Uma vez rendidos, homens, mulheres e crianças eram levados em marcha forçada até o litoral, onde eram embarcados nos navios negreiros. Equiano cruzou o Atlântico junto a negros originários de diferentes povos, amontoados e acorrentados no interior da embarcação. Temeu a figura do homem branco, que até então nem conhecia, sobretudo depois de ter sido açoitado por não comer, e viu companheiros serem castigados e mortos por traficantes.

Muitos deles tentaram pular no mar em busca de alívio com a própria morte. No século 16, a travessia podia levar meses, a depender das condições climáticas, mas, na metade do século seguinte, quando Olaudah esteve a bordo, a viagem durava ente 30 e 50 dias. Era comum que crianças viajassem no convés, um “benefício” concedido a Olaudah, que assim escapou das agruras dos porões.

Dos 12,5 milhões de negros embarcados na África, 20% não chegaram vivos ao destino, vítimas de disenteria, escorbuto, varíola, sífilis e sarampo, ou da brutalidade dos comandantes. Muitas vezes, os corpos dos mortos jaziam por dias junto dos vivos até serem lançados ao mar. Devido a graves infecções oculares, era comum o desembarque de escravos cegos.

Em terra firme, a situação do escravo não era muito melhor: a “vida útil” média de um africano nas plantações não passava de cinco anos e, aos 30 anos de idade, a maioria estava fisicamente arruinada.

A trajetória de Olaudah Equiano – o sequestro, a travessia transatlântica até Barbados e a longa década de escravidão encerrada com a compra da própria liberdade – está contada na autobiografa The Interesting Narrative of the Life of Olaudah Equiano, or Gustavus Vassa, The African (sem tradução para o português). Publicado em 1789, como parte do esforço abolicionista na Inglaterra, o livro retrata alguns dos horrores vividos pelos negros durante o auge da escravatura nas colônias americanas. Hoje, há até um esforço entre especialistas para usar o termo “escravizados” em vez de escravos, deixando claro que a escravidão foi uma condição imposta e não algo natural.

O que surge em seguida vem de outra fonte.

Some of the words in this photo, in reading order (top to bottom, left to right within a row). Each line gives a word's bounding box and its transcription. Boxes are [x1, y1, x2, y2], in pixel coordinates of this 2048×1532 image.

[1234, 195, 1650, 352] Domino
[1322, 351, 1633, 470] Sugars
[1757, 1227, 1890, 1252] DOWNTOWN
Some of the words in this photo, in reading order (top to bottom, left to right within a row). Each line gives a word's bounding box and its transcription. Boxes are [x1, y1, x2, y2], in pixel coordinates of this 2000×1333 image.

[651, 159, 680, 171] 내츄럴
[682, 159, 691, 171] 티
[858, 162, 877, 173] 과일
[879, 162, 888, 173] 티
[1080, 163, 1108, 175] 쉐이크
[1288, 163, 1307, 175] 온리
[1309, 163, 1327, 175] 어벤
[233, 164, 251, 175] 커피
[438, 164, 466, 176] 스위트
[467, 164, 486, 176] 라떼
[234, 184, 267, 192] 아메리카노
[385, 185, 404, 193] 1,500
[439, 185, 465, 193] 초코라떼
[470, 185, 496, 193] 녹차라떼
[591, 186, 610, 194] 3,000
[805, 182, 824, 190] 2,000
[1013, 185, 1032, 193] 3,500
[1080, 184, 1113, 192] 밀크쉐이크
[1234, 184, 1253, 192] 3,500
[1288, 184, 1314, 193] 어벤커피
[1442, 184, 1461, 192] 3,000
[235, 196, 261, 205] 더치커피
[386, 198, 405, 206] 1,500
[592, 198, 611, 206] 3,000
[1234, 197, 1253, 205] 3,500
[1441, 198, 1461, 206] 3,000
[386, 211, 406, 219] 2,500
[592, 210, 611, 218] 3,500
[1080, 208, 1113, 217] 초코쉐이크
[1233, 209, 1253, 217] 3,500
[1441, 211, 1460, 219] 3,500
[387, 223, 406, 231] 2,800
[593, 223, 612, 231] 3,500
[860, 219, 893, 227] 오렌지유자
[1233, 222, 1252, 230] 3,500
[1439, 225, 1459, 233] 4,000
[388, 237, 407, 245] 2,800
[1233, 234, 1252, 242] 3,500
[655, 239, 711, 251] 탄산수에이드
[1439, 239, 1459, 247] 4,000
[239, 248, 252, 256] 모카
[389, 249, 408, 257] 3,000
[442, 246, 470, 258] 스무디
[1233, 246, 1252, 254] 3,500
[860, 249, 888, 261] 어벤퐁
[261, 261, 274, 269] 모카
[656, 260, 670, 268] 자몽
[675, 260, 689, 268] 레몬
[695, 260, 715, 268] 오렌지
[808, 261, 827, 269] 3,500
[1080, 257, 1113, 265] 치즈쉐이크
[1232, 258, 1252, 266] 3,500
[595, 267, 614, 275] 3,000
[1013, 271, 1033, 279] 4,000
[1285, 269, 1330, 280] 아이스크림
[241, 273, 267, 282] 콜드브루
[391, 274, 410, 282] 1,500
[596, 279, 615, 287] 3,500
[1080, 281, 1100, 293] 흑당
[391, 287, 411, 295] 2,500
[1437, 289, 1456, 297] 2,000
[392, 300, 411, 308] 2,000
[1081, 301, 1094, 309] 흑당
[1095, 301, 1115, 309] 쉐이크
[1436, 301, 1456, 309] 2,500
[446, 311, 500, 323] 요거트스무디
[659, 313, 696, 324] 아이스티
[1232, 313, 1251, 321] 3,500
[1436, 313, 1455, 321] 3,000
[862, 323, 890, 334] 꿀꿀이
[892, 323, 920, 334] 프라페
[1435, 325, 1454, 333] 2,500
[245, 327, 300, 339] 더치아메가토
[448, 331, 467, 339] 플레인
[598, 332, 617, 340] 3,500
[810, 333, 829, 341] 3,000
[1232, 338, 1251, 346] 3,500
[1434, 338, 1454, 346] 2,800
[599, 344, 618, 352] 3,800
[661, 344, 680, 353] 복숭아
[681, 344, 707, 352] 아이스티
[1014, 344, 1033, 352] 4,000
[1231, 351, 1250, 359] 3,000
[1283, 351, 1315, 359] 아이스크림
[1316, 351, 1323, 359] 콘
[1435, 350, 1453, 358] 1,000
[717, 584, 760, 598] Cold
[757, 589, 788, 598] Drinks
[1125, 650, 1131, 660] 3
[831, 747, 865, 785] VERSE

Raptado aos 11 anos, Olaudah Equiano ganhou o nome de Gustavus Vassa ao ser comprado por um oficial inglês.
Raptado aos 11 anos, Olaudah Equiano ganhou o nome de Gustavus Vassa ao ser comprado por um oficial inglês. (reprodução/Domínio Público)

Desde a Antiguidade, vários reinos anos africanos contavam com escravos, principalmente prisioneiros de guerras, mas também subjugados por dívidas, condenados por crimes ou miseráveis. A dimensão da escravidão nessas sociedades, entretanto, era limitada. Foram os árabes, durante a expansão pelo norte da África, a partir do século 7, que estimularam o tráfico de negros, com a abertura de rotas pelo Deserto do Saara, Mar Vermelho e Oceano Índico. No início, o interesse era por mulheres destinadas ao concubinato, mas logo o negócio esquentou em busca de homens para compor exércitos e trabalhar em lavouras e palácios do imenso império muçulmano. O controle desse comércio ficou nas mãos árabes por 800 anos, período no qual escravos africanos foram vendidos em diversas partes do mundo, inclusive na Europa.

Em 1433, graças a evoluções nas técnicas de navegação, os portugueses contornaram o Cabo Bojador, na costa do Saara, e avançaram pelo litoral africano até cidades ao Sul, abrindo uma nova rota comercial, paralela aos caminhos terrestres dominados pelos árabes. Diante da decepção com a falta de ouro no local, os portugueses voltaram as atenções para o tráfico de humanos para servirem de mão de obra nas plantações de cana. Nas décadas anteriores ao descobrimento da América, o país já praticava um comércio regular de troca de bens por escravos, tendo obtido inclusive o monopólio do negócio pelo Atlântico. Pela via portuguesa, o tráfico negreiro ganhou escala.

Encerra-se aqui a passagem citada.